→ What you are asked to do:
The whole listing needs retyping exactly; keep the pictures out of it.

****

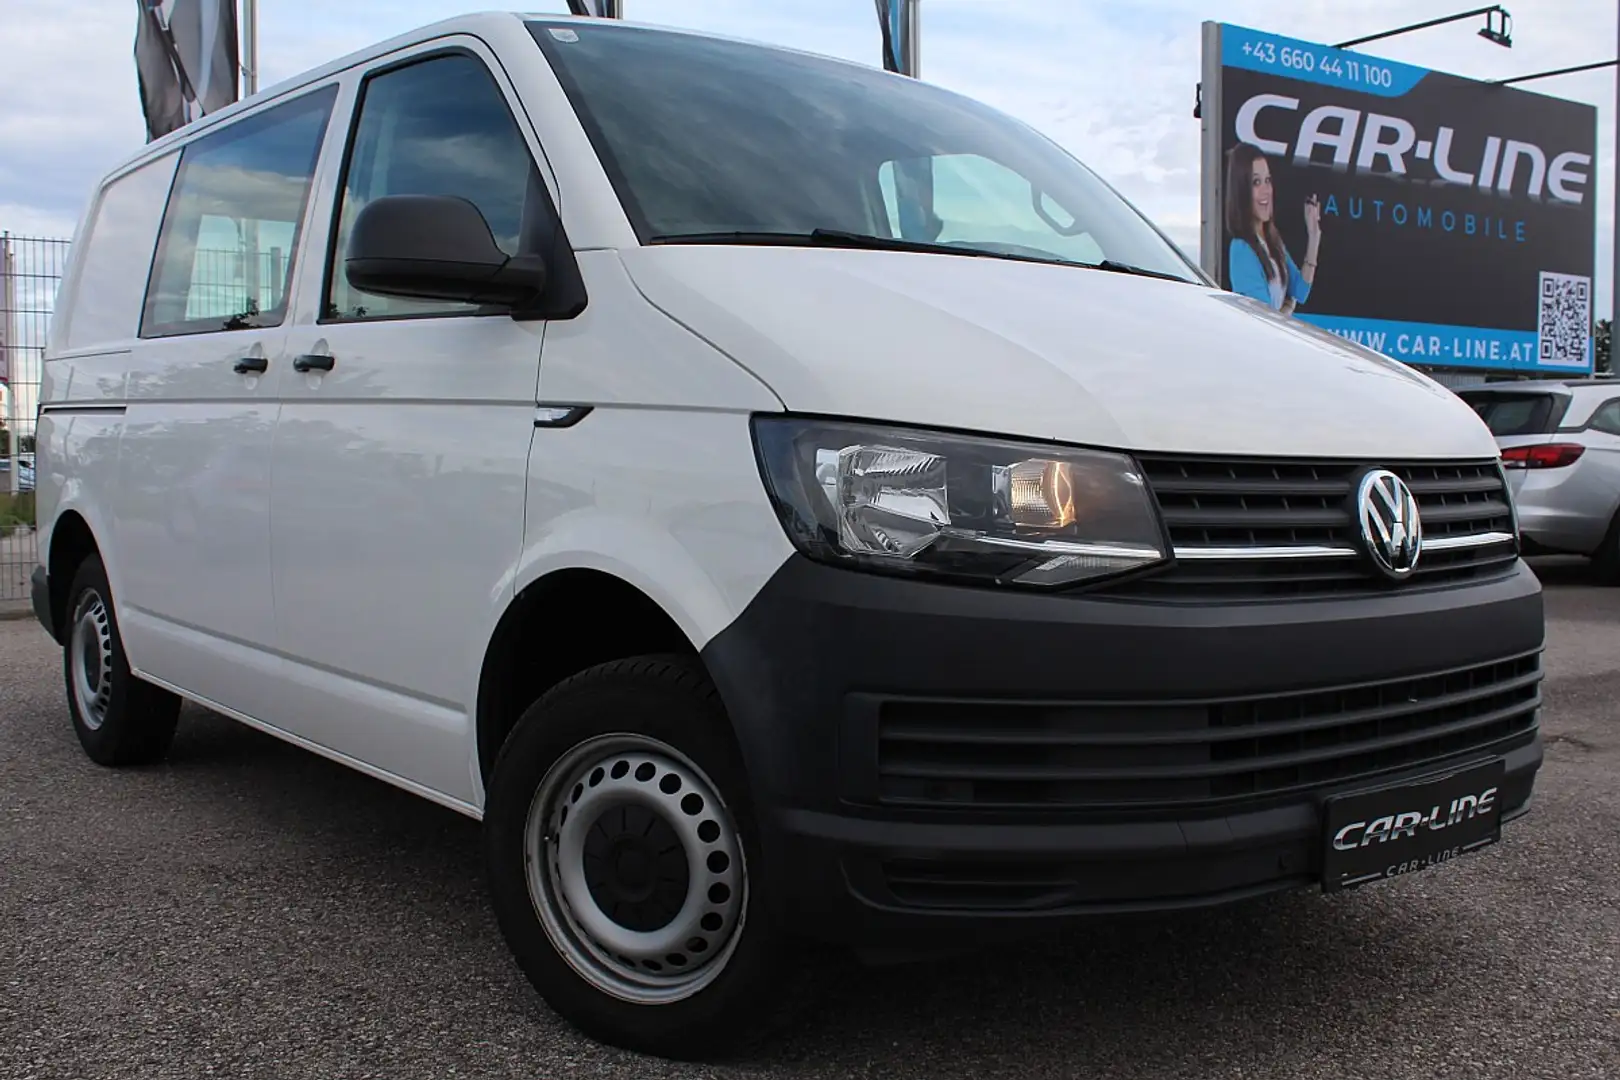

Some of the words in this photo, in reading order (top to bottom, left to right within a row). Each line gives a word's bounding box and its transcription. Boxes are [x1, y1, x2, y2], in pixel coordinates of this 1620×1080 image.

[1242, 41, 1276, 64] +43
[1280, 47, 1315, 72] 660
[1319, 55, 1343, 78] 44
[1346, 60, 1359, 82] 11
[1363, 64, 1392, 88] 100
[1324, 194, 1525, 242] AUTOMOBILE
[1327, 328, 1534, 362] WW.CAR-LINE.AT
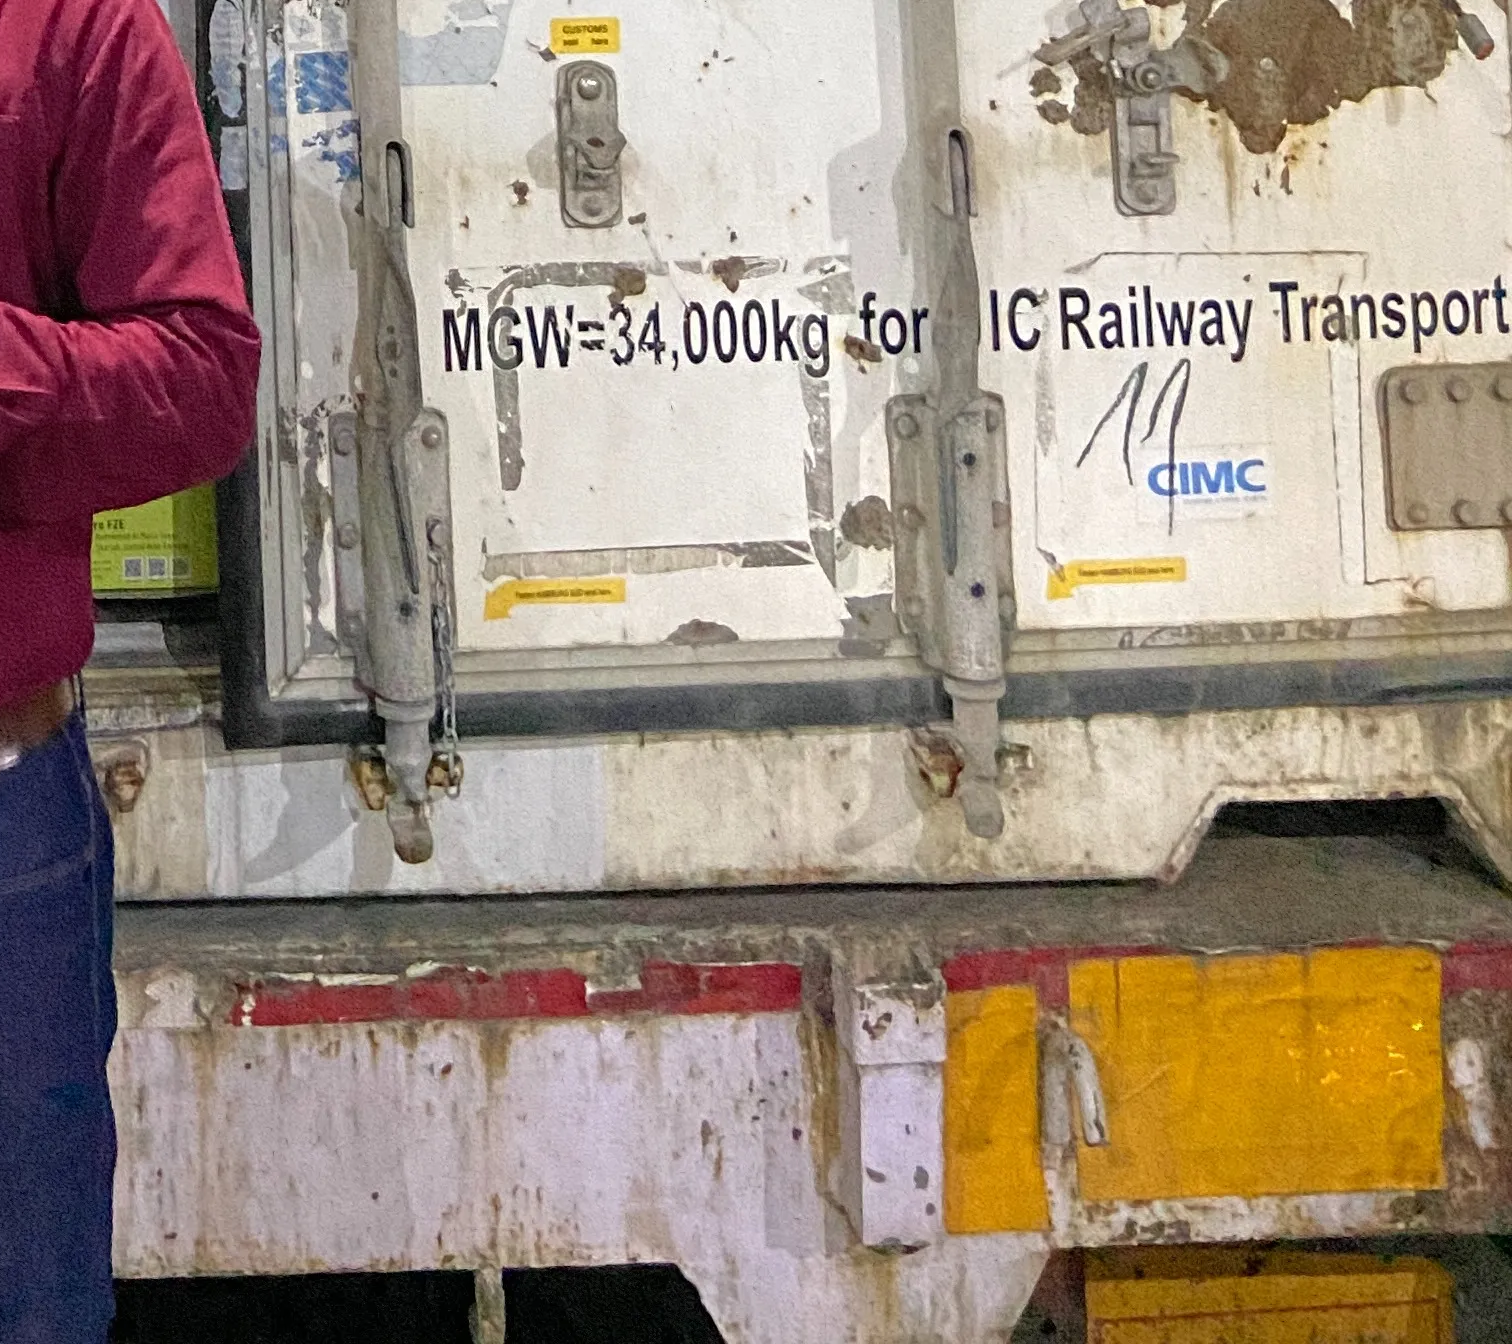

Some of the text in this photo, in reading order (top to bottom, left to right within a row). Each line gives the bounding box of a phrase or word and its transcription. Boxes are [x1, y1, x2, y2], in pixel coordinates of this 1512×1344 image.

****

→ Output for this exercise:
Some of the words in this photo, in reading order (top to bottom, left to right within a row). Each line gives a word's bounding box and its transcription. Boxes are [x1, y1, x2, y2], in pixel coordinates of this 1620×1080 image.

[1242, 41, 1276, 64] +43
[1280, 47, 1315, 72] 660
[1319, 55, 1343, 78] 44
[1346, 60, 1359, 82] 11
[1363, 64, 1392, 88] 100
[1324, 194, 1525, 242] AUTOMOBILE
[1327, 328, 1534, 362] WW.CAR-LINE.AT

Some of the text in this photo, in reading order (top to bottom, left to right within a row). Each line gives the bounding box of a phrase or word and its transcription. Boxes are [x1, y1, x2, y2], in pixel coordinates of this 1512×1344 image.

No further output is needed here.